* **About this exercise**:
With nothing added and nothing dropped, write out all of the entries below.

[Extracted records]
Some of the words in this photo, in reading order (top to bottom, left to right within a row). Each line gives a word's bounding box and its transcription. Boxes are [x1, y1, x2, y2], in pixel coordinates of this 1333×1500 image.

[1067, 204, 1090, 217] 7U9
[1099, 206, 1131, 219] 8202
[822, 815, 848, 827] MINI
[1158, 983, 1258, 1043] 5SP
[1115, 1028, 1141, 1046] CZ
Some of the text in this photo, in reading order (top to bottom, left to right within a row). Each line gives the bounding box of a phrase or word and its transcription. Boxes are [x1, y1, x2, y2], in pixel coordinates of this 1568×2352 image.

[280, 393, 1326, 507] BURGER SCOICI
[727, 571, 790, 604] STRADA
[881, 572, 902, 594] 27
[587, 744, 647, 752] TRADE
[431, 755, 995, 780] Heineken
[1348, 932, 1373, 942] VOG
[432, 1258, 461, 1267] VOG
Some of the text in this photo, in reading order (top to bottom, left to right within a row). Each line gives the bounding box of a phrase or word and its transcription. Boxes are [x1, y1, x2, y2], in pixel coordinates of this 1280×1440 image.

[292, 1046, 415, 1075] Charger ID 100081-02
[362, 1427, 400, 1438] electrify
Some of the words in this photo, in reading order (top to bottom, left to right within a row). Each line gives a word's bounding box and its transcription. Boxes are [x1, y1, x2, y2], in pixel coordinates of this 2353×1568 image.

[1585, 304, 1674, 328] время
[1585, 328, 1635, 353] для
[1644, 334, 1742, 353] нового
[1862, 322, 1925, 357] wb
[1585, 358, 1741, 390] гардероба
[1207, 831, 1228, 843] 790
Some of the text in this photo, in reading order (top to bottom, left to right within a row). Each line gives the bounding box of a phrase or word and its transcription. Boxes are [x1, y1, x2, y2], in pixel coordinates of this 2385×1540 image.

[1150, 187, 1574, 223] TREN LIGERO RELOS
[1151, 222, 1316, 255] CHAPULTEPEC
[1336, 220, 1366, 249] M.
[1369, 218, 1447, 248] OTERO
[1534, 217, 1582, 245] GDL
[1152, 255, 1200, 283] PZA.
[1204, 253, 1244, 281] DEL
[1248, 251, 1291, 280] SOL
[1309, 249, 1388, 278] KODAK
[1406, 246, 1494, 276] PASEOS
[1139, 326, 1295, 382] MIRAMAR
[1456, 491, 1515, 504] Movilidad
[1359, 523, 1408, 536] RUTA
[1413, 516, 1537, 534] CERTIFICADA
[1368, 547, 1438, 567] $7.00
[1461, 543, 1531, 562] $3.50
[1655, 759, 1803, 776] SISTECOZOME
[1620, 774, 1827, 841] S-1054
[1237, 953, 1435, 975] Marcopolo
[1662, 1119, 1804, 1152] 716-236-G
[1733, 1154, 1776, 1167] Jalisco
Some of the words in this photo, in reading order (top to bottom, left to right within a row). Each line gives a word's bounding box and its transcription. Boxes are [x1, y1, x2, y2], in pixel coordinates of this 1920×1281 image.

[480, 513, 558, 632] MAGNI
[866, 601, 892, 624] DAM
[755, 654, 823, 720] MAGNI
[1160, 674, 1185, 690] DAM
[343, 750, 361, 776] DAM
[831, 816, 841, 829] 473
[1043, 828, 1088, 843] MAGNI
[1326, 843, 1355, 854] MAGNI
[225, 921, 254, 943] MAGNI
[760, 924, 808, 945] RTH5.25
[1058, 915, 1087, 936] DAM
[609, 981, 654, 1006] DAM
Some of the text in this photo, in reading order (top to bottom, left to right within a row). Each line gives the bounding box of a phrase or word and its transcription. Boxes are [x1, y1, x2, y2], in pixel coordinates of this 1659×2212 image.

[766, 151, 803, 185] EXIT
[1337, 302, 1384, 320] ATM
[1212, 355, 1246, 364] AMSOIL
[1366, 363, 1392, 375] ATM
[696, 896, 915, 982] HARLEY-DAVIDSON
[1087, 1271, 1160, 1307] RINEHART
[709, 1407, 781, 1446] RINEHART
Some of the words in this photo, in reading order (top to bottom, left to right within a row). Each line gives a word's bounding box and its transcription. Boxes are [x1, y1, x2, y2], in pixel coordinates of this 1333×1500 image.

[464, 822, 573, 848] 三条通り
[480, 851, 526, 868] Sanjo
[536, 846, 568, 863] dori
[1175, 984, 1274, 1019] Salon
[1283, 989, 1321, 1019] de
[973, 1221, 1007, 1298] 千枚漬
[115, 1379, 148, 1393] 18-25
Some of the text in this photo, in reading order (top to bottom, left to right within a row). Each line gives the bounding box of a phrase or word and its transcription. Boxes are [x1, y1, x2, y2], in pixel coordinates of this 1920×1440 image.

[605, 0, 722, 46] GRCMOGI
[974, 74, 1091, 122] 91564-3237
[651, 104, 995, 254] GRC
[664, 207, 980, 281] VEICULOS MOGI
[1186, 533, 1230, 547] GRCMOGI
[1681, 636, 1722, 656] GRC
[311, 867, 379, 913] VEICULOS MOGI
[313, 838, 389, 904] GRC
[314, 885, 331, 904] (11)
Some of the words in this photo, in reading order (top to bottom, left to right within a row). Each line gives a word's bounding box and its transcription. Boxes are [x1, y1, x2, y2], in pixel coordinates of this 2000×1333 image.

* **Response area**:
Some of the words in this photo, in reading order (top to bottom, left to right within a row). Each line gives a word's bounding box and its transcription. Boxes are [x1, y1, x2, y2], in pixel coordinates of this 1333×1500 image.

[1067, 204, 1090, 217] 7U9
[1099, 206, 1131, 219] 8202
[822, 815, 848, 827] MINI
[1158, 983, 1258, 1043] 5SP
[1115, 1028, 1141, 1046] CZ
Some of the text in this photo, in reading order (top to bottom, left to right within a row). Each line gives the bounding box of a phrase or word and its transcription. Boxes are [x1, y1, x2, y2], in pixel coordinates of this 1568×2352 image.

[280, 393, 1326, 507] BURGER SCOICI
[727, 571, 790, 604] STRADA
[881, 572, 902, 594] 27
[587, 744, 647, 752] TRADE
[431, 755, 995, 780] Heineken
[1348, 932, 1373, 942] VOG
[432, 1258, 461, 1267] VOG
Some of the text in this photo, in reading order (top to bottom, left to right within a row). Each line gives the bounding box of a phrase or word and its transcription. Boxes are [x1, y1, x2, y2], in pixel coordinates of this 1280×1440 image.

[292, 1046, 415, 1075] Charger ID 100081-02
[362, 1427, 400, 1438] electrify
Some of the words in this photo, in reading order (top to bottom, left to right within a row). Each line gives a word's bounding box and its transcription. Boxes are [x1, y1, x2, y2], in pixel coordinates of this 2353×1568 image.

[1585, 304, 1674, 328] время
[1585, 328, 1635, 353] для
[1644, 334, 1742, 353] нового
[1862, 322, 1925, 357] wb
[1585, 358, 1741, 390] гардероба
[1207, 831, 1228, 843] 790
Some of the text in this photo, in reading order (top to bottom, left to right within a row). Each line gives the bounding box of a phrase or word and its transcription. Boxes are [x1, y1, x2, y2], in pixel coordinates of this 2385×1540 image.

[1150, 187, 1574, 223] TREN LIGERO RELOS
[1151, 222, 1316, 255] CHAPULTEPEC
[1336, 220, 1366, 249] M.
[1369, 218, 1447, 248] OTERO
[1534, 217, 1582, 245] GDL
[1152, 255, 1200, 283] PZA.
[1204, 253, 1244, 281] DEL
[1248, 251, 1291, 280] SOL
[1309, 249, 1388, 278] KODAK
[1406, 246, 1494, 276] PASEOS
[1139, 326, 1295, 382] MIRAMAR
[1456, 491, 1515, 504] Movilidad
[1359, 523, 1408, 536] RUTA
[1413, 516, 1537, 534] CERTIFICADA
[1368, 547, 1438, 567] $7.00
[1461, 543, 1531, 562] $3.50
[1655, 759, 1803, 776] SISTECOZOME
[1620, 774, 1827, 841] S-1054
[1237, 953, 1435, 975] Marcopolo
[1662, 1119, 1804, 1152] 716-236-G
[1733, 1154, 1776, 1167] Jalisco
Some of the words in this photo, in reading order (top to bottom, left to right within a row). Each line gives a word's bounding box and its transcription. Boxes are [x1, y1, x2, y2], in pixel coordinates of this 1920×1281 image.

[480, 513, 558, 632] MAGNI
[866, 601, 892, 624] DAM
[755, 654, 823, 720] MAGNI
[1160, 674, 1185, 690] DAM
[343, 750, 361, 776] DAM
[831, 816, 841, 829] 473
[1043, 828, 1088, 843] MAGNI
[1326, 843, 1355, 854] MAGNI
[225, 921, 254, 943] MAGNI
[760, 924, 808, 945] RTH5.25
[1058, 915, 1087, 936] DAM
[609, 981, 654, 1006] DAM
Some of the text in this photo, in reading order (top to bottom, left to right within a row). Each line gives the bounding box of a phrase or word and its transcription. Boxes are [x1, y1, x2, y2], in pixel coordinates of this 1659×2212 image.

[766, 151, 803, 185] EXIT
[1337, 302, 1384, 320] ATM
[1212, 355, 1246, 364] AMSOIL
[1366, 363, 1392, 375] ATM
[696, 896, 915, 982] HARLEY-DAVIDSON
[1087, 1271, 1160, 1307] RINEHART
[709, 1407, 781, 1446] RINEHART
Some of the words in this photo, in reading order (top to bottom, left to right within a row). Each line gives a word's bounding box and its transcription. Boxes are [x1, y1, x2, y2], in pixel coordinates of this 1333×1500 image.

[464, 822, 573, 848] 三条通り
[480, 851, 526, 868] Sanjo
[536, 846, 568, 863] dori
[1175, 984, 1274, 1019] Salon
[1283, 989, 1321, 1019] de
[973, 1221, 1007, 1298] 千枚漬
[115, 1379, 148, 1393] 18-25
Some of the text in this photo, in reading order (top to bottom, left to right within a row). Each line gives the bounding box of a phrase or word and its transcription. Boxes are [x1, y1, x2, y2], in pixel coordinates of this 1920×1440 image.

[605, 0, 722, 46] GRCMOGI
[974, 74, 1091, 122] 91564-3237
[651, 104, 995, 254] GRC
[664, 207, 980, 281] VEICULOS MOGI
[1186, 533, 1230, 547] GRCMOGI
[1681, 636, 1722, 656] GRC
[311, 867, 379, 913] VEICULOS MOGI
[313, 838, 389, 904] GRC
[314, 885, 331, 904] (11)
Some of the words in this photo, in reading order (top to bottom, left to right within a row). Each line gives a word's bounding box and its transcription. Boxes are [x1, y1, x2, y2], in pixel coordinates of this 2000×1333 image.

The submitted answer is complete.